Angesichts der steigenden Waldbrandgefahr in der Schweiz setzen Wintersportgebiete innovative Methoden ein, um ihre Ressourcen auch außerhalb der Wintersaison zu nutzen. Schneekanonen und Wasserreservoirs, die ursprünglich für die Beschneiung von Pisten konzipiert wurden, könnten sich als effektive Werkzeuge zur Bekämpfung von Bränden erweisen.
Die unterirdischen Wasserleitungen, die sich über Kilometer erstrecken, bieten die Möglichkeit, schnell große Mengen Wasser bereitzustellen. Experten warnen, dass die Waldbrandgefahr nicht nur in den heißen Sommermonaten, sondern auch in gemäßigten Klimazonen wie der Schweiz zunimmt.

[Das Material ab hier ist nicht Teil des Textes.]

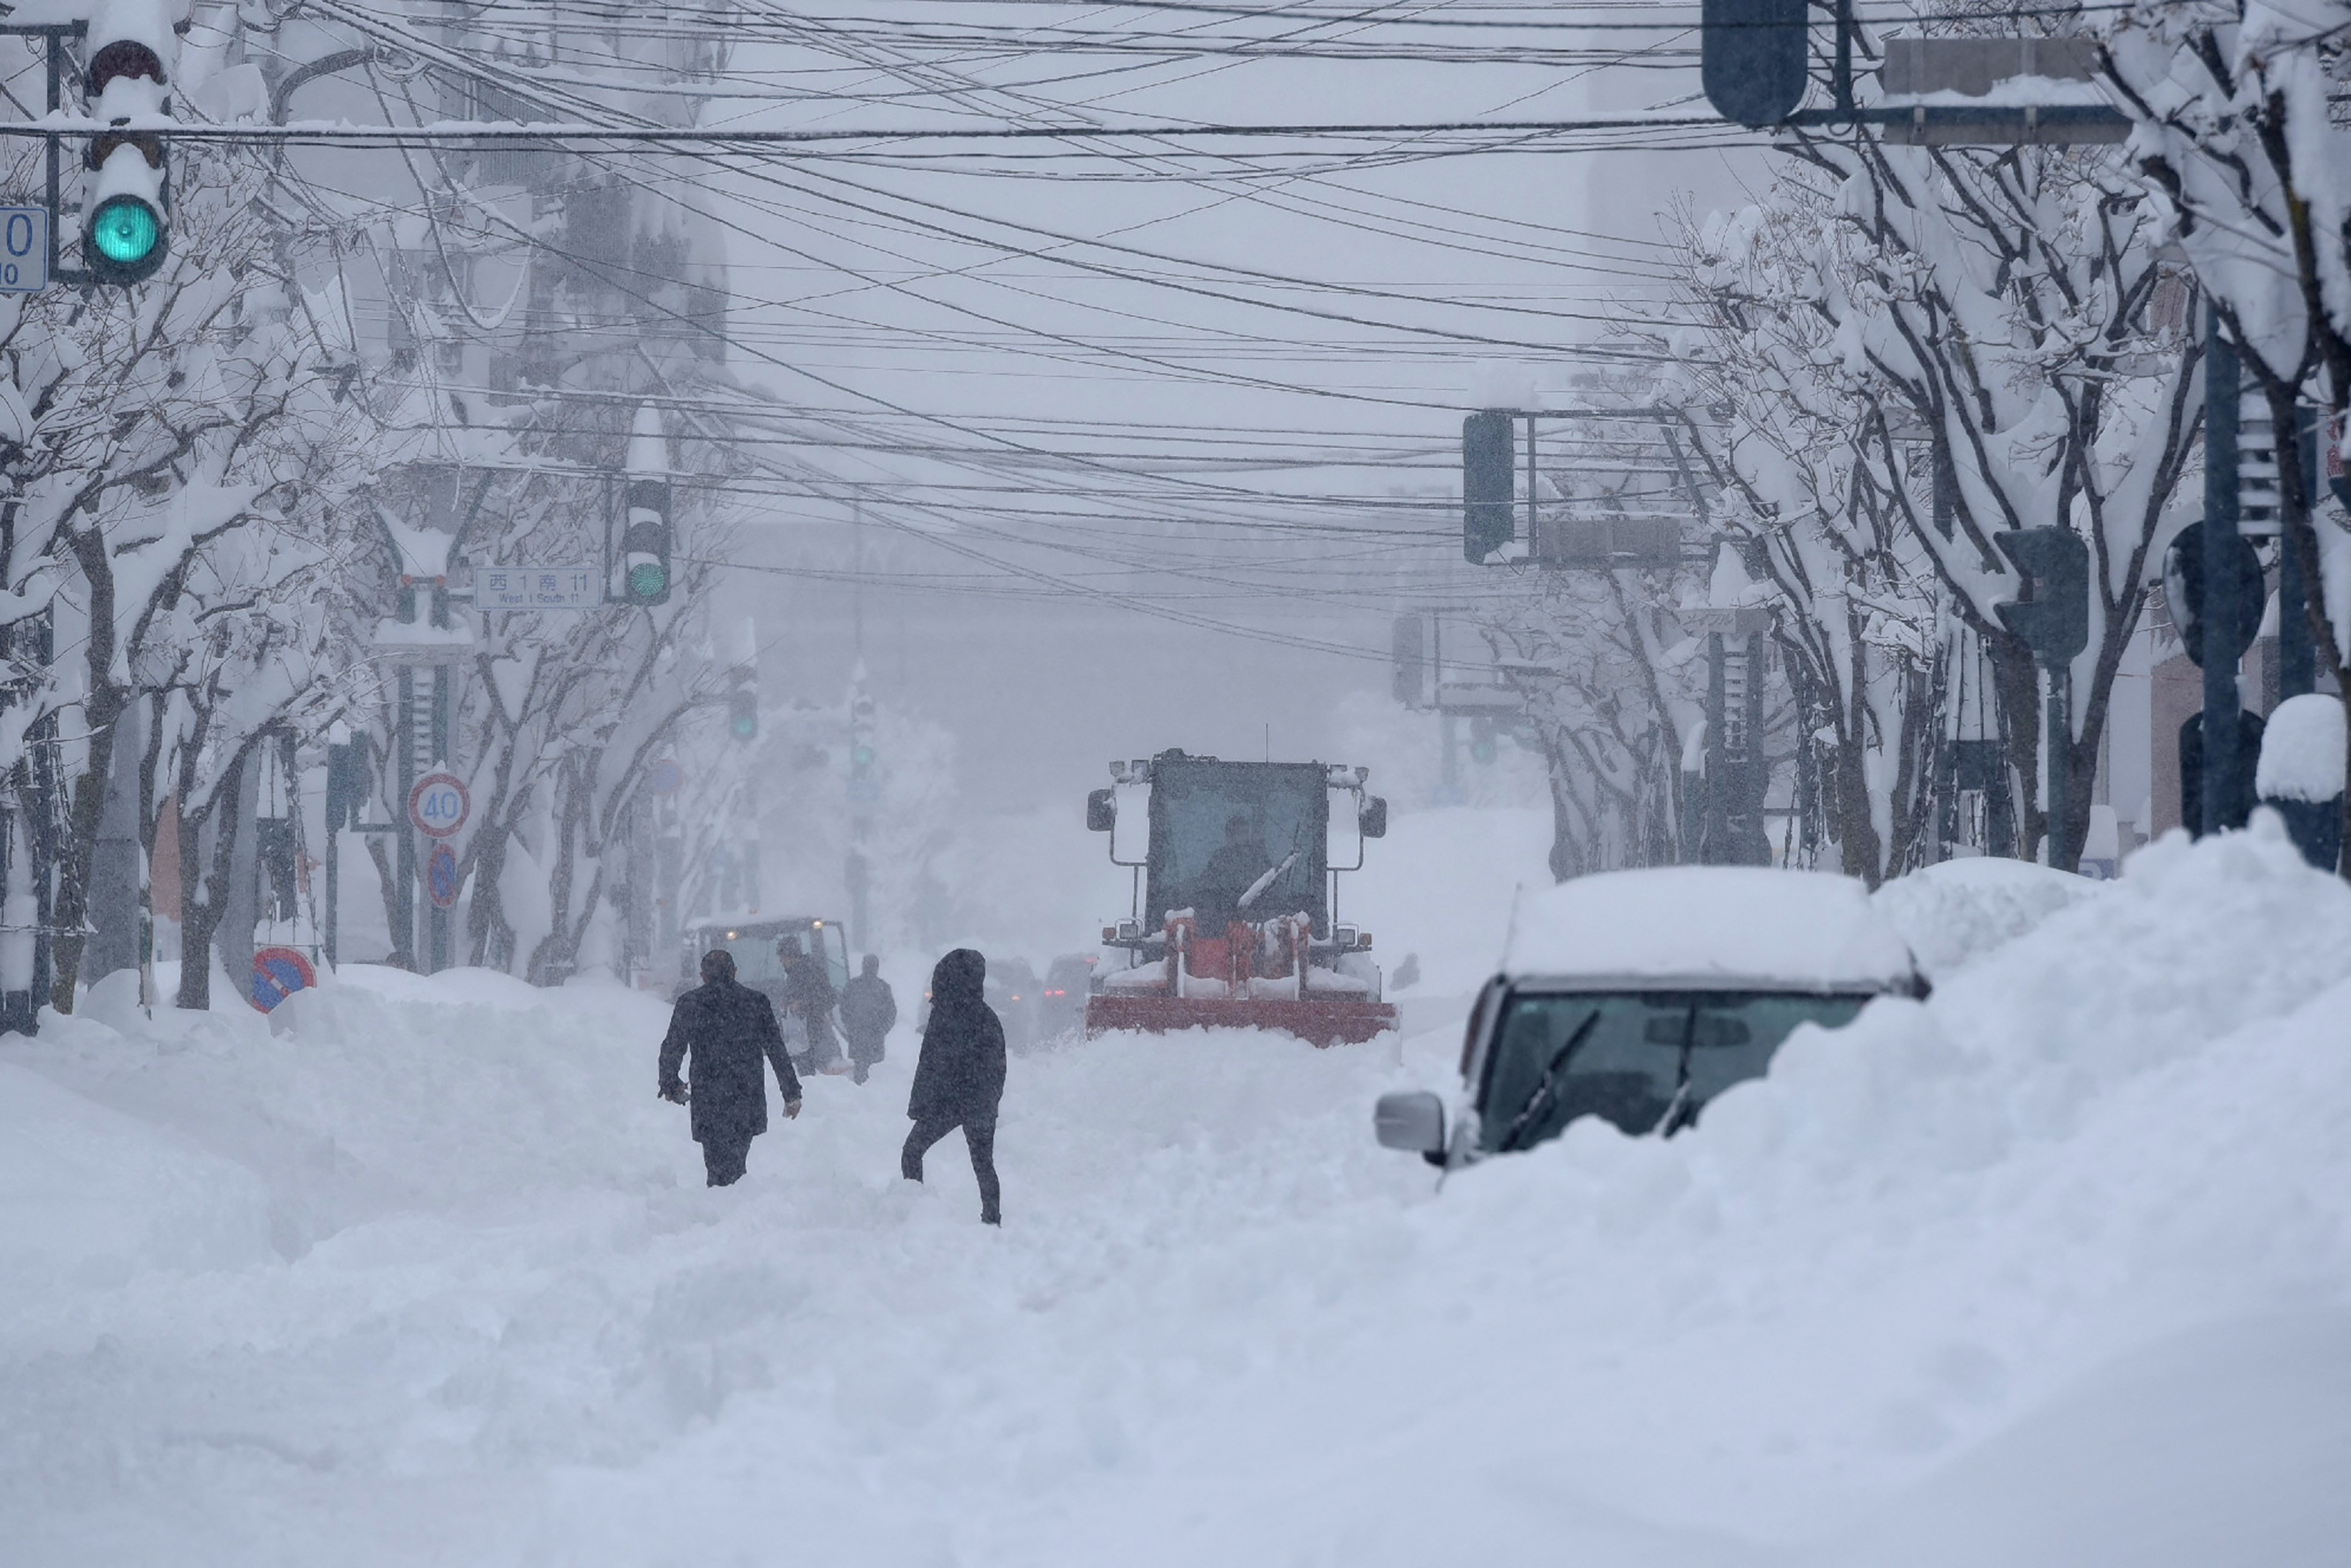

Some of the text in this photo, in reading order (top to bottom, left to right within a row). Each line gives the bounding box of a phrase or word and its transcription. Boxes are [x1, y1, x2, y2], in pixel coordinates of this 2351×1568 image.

[489, 573, 587, 591] 西 1 南 11
[499, 593, 524, 603] West
[536, 592, 565, 603] South
[423, 791, 458, 819] 40

Diese Entwicklung zwingt die verantwortlichen Stellen, neue Strategien zur Brandbekämpfung zu entwickeln.
Die Verwendung von Wintersportinfrastruktur zur Bekämpfung von Waldbränden könnte nicht nur die Sicherheit der angrenzenden Gemeinden erhöhen, sondern auch die Auswirkungen von Naturkatastrophen auf die Umwelt minimieren. Es bleibt abzuwarten, wie effektiv diese Maßnahmen in der Praxis sein werden und ob sie als Modell für andere Länder dienen können.